Most humans are social creatures, meaning we seek out and enjoy the company of other humans; being alone distresses us and we do not really want to be a solo act. After a breakup, most of the advice centers around getting back in the saddle and not giving up. In theory, this is sound advice, but what is often left out of the equation is the time involved. Everyone has a different timetable when it comes to moving on. It is not healthy to push yourself, or someone else, to speed up that process. Successfully navigating towards a new healthy relationship looks different for each individual and all should be allowed to work through the pain and journey at their own pace. While there are no real preset guidelines for when you should consider yourself ready, there are a few red flags that spotlight you are not quite there yet.
1. Stalking Social Media…. Whether it is their Facebook, SnapChat or Instagram account, you find yourself checking your ex’s status and following their activities. You analyze every post looking for clues to their happiness, regret or even new partner. This is extremely unhealthy and serves no purpose except to reopen your heart’s wound. Right after a breakup, it is a good idea to unfollow your ex. It isn’t necessary to block him/her, but you do not need to constantly be reminded of them and see their updates and pictures. If you still need a daily social media fix, you are not ready to move on.
2. Hoarding Momentos…. I once kept (for years) a used Band-Aid that the cute guy from the skating rink put on my knee when I slammed into the wall. In my defense, I was 14; but some people do have a hard time letting go of sentimental items. I’m actually not totally against keeping one or two things, in a box, just for memory lane walks. However, if you make a shrine or keep the framed photo of your vacation hanging in your bedroom, that is too much. You cannot find new love when the old one still occupies a space in your heart and on your wall. If you find the reminders particularly painful because of a bitter breakup, it might be best to just do away with them. You must decide to do what works in your best interest.
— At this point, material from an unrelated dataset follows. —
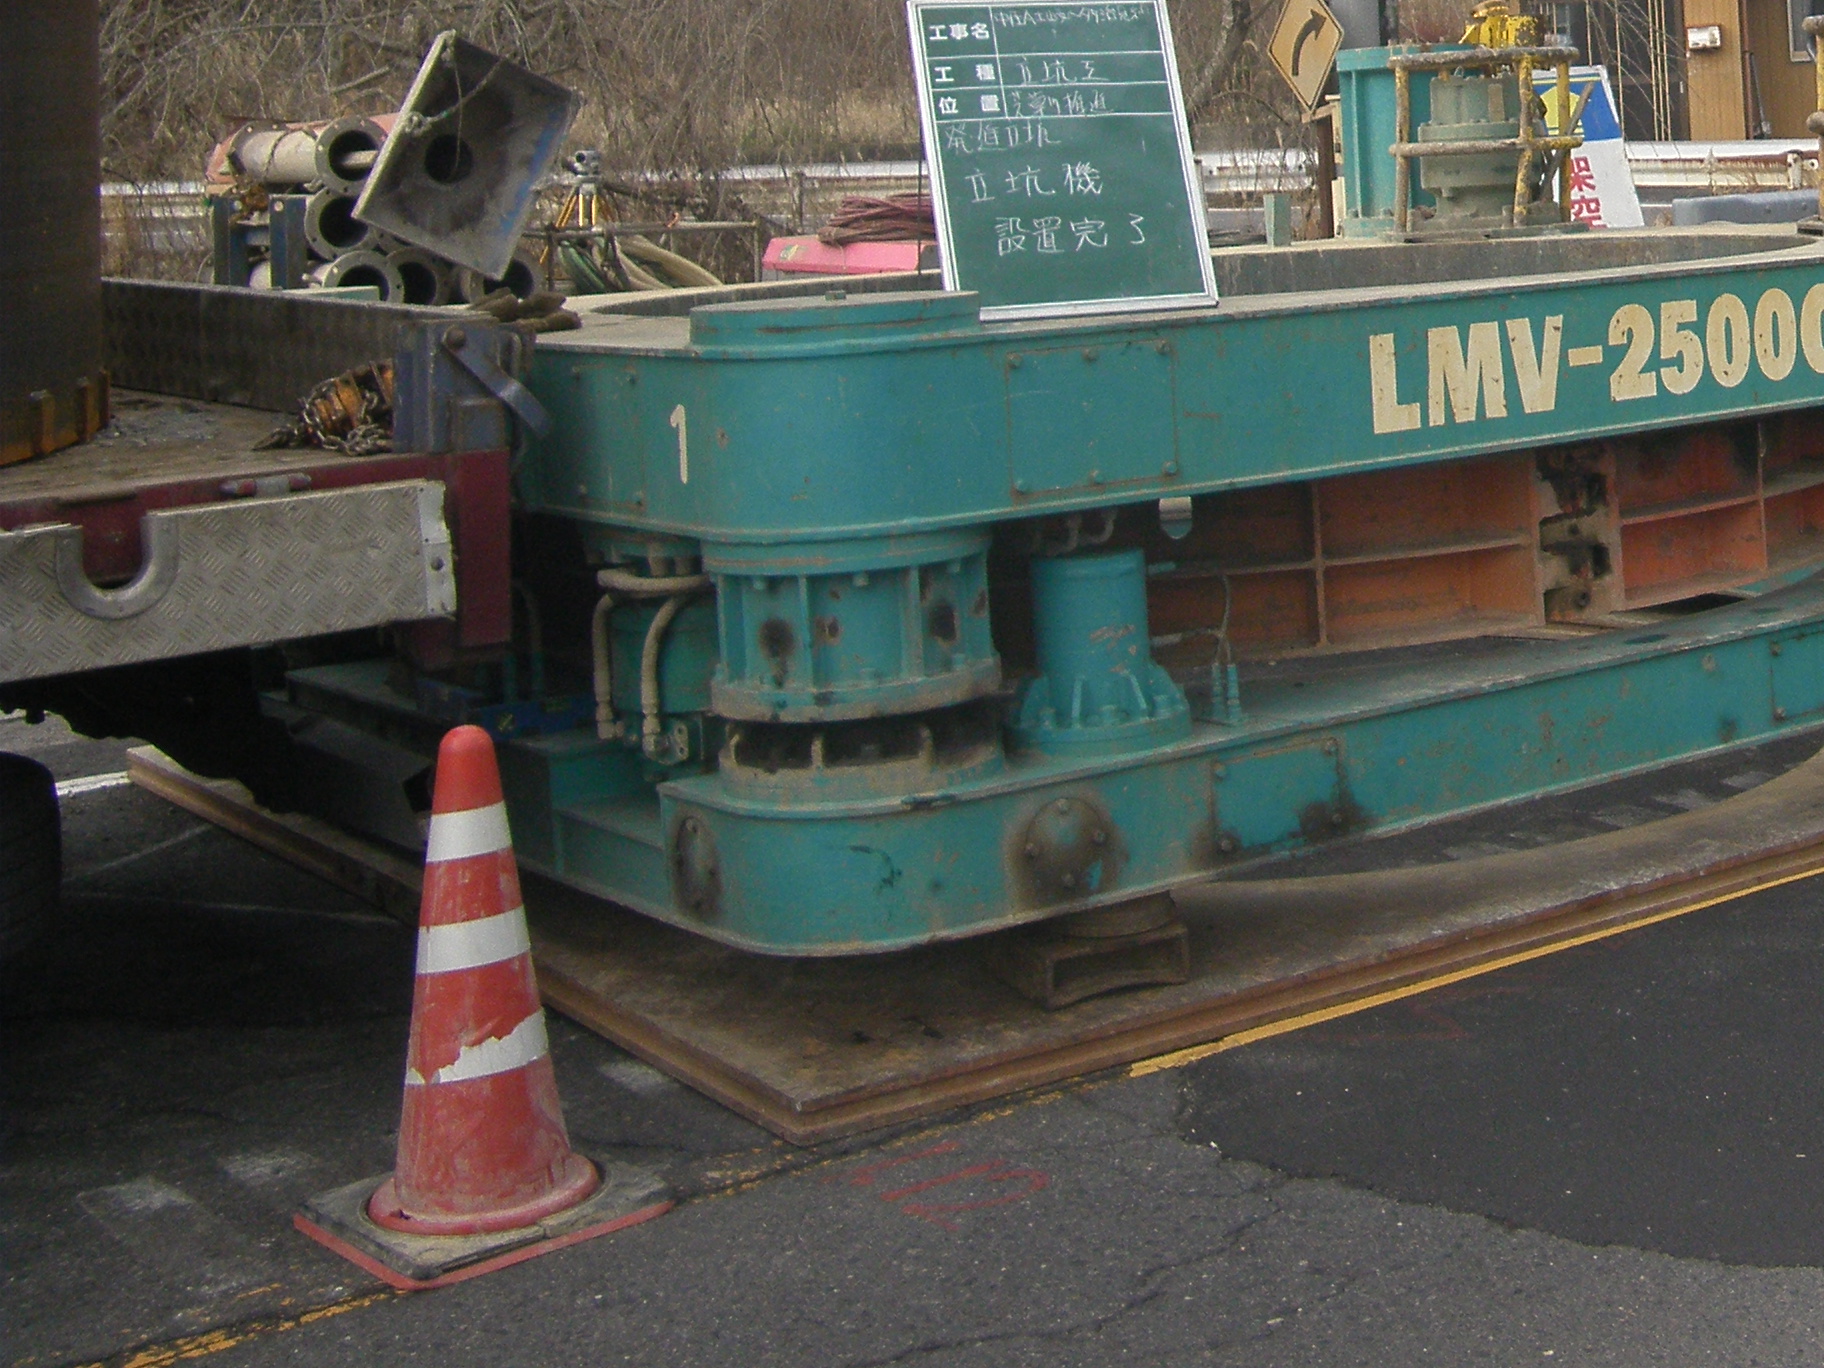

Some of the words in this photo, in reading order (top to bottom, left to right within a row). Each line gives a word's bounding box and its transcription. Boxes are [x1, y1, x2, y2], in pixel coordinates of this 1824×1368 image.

[928, 22, 990, 41] 工事名
[669, 403, 689, 485] 1
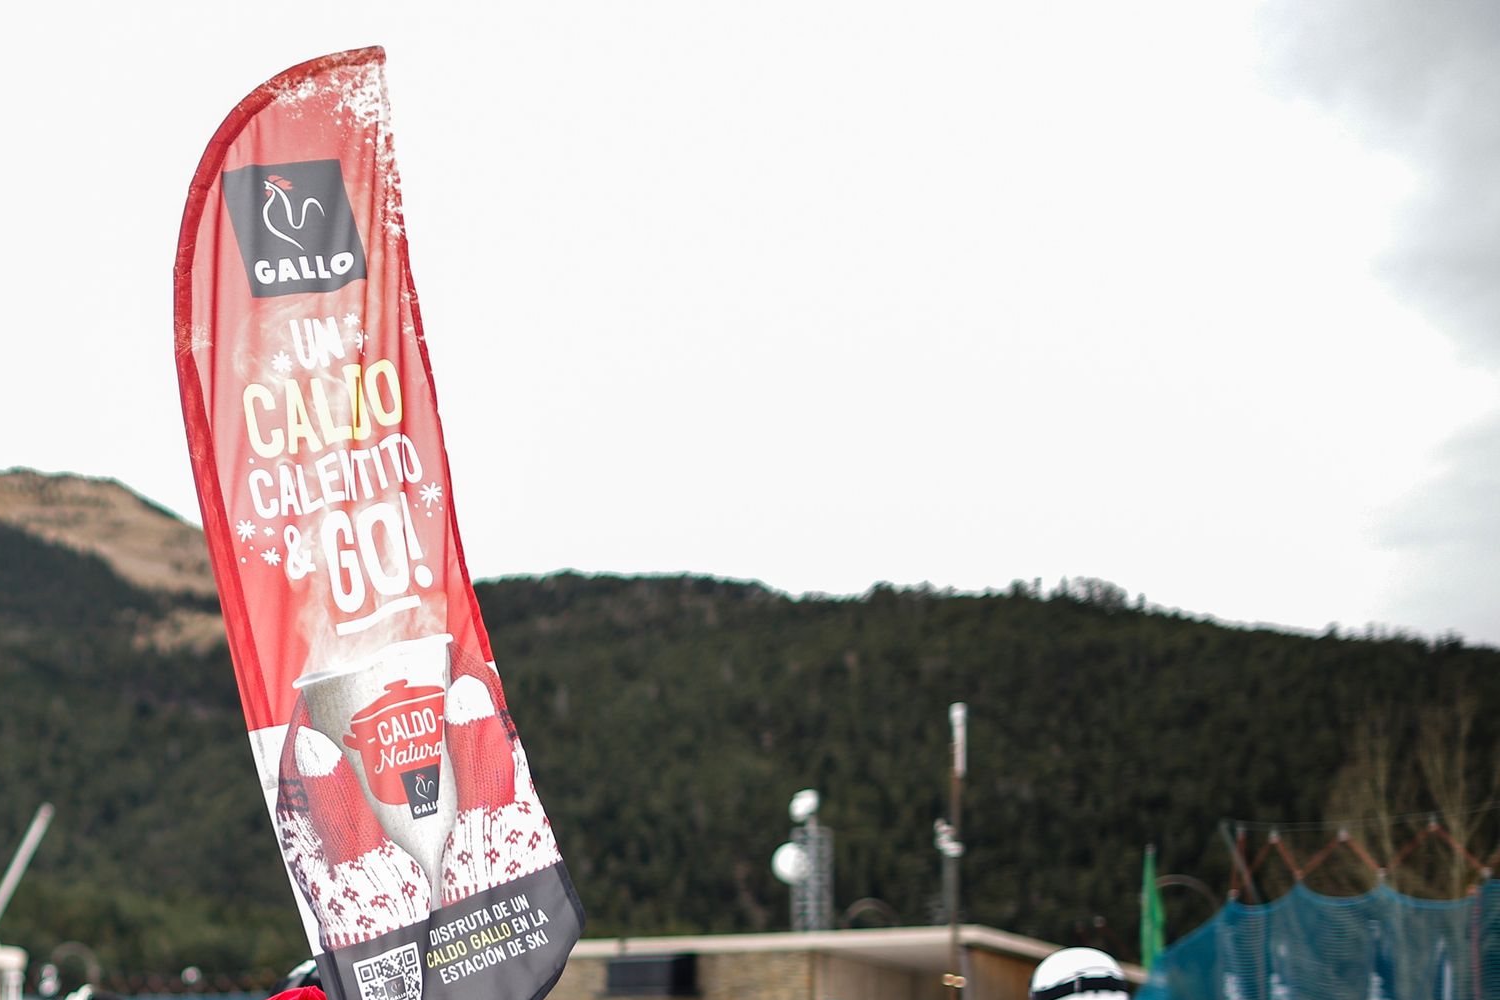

3. Showing Up ‘Accidentally’… You know where they buy their lunch and their coffee. You know their route to work and what they like to do on the weekends. You should not have to re-route your entire life, but if you find yourself showing up at these places with the hopes of running into him/her, you still have healing to do. The truth is, if they wanted to see you, they would. It sounds good in a song or a movie, to bump into an old flame and reignite the spark, but that very seldom happens in the real world. Do not ever make yourself appear desperate. Head up and feet moving forward.
4. Still Learning The Lessons…. You are not ready to move on to another relationship until you can adequately express what went wrong with the last one. Maybe it was simply bad timing, or not enough common interests, but there could have also been loyalty issues, cheating, emotional abuse, bitterness, resentment, anger issues, being unable to commit. The list is long and varied why couples break up, and seldom does the blame just lay on one person. We all bring baggage and issues into our love lives and the key to not repeating the mistakes is recognizing both the bad behaviors in ourselves and our partner. If we are unable to accept responsibility for our choices and our decisions, we are not ready to involve another person in our chaos.
5. Your Goal Is Revenge – If the only reason for dating again is for the word to get back to your ex, please spare everyone the pain and aggravation. Chances are they won’t care, or worse (for you anyway) be happy for you. You must find a way to let go of the past. Each new decision going forward must be made from a positive place, not a negative one. Focus on reclaiming your happiness and personal vision. Do not lose one more minute of sleep or peace trying to exact revenge on a non-relevant person in your future.
6. Looking for a Replacement – No one is ever going to be just like your ex, and no two relationships will ever be the same. If your goal is to try and find someone ‘just like him/her’, you are being highly unfair to the new person and setting yourself up for failure. You must allow the next person in your life to be a complete and unique soul. Sure, they may have similar interests, and possibly even the same hair color, but those are random pieces that make up just a part of their whole being. Just like you are irreplaceable, so is your ex.
I understand how important it is to feel relevant, desired and valued again. I want that for you almost as much as you do. The key is to do the work and put in the time to make sure you are ready. Check your motivations. Talk to a close friend if you are unsure and get their take on your emotional barometer. Be honest with yourself before making a decision to involve another’s heart. I promise the day will come when you are ready. Try not to rush the process out of fear or loneliness because it will boomerang right back to where you are now. Be patient and kind to yourself and use this time and experience to grow. Then when the right person walks into your life, you will be a strong and willing partner ready to get back into that empty saddle and ride off into the sunset together.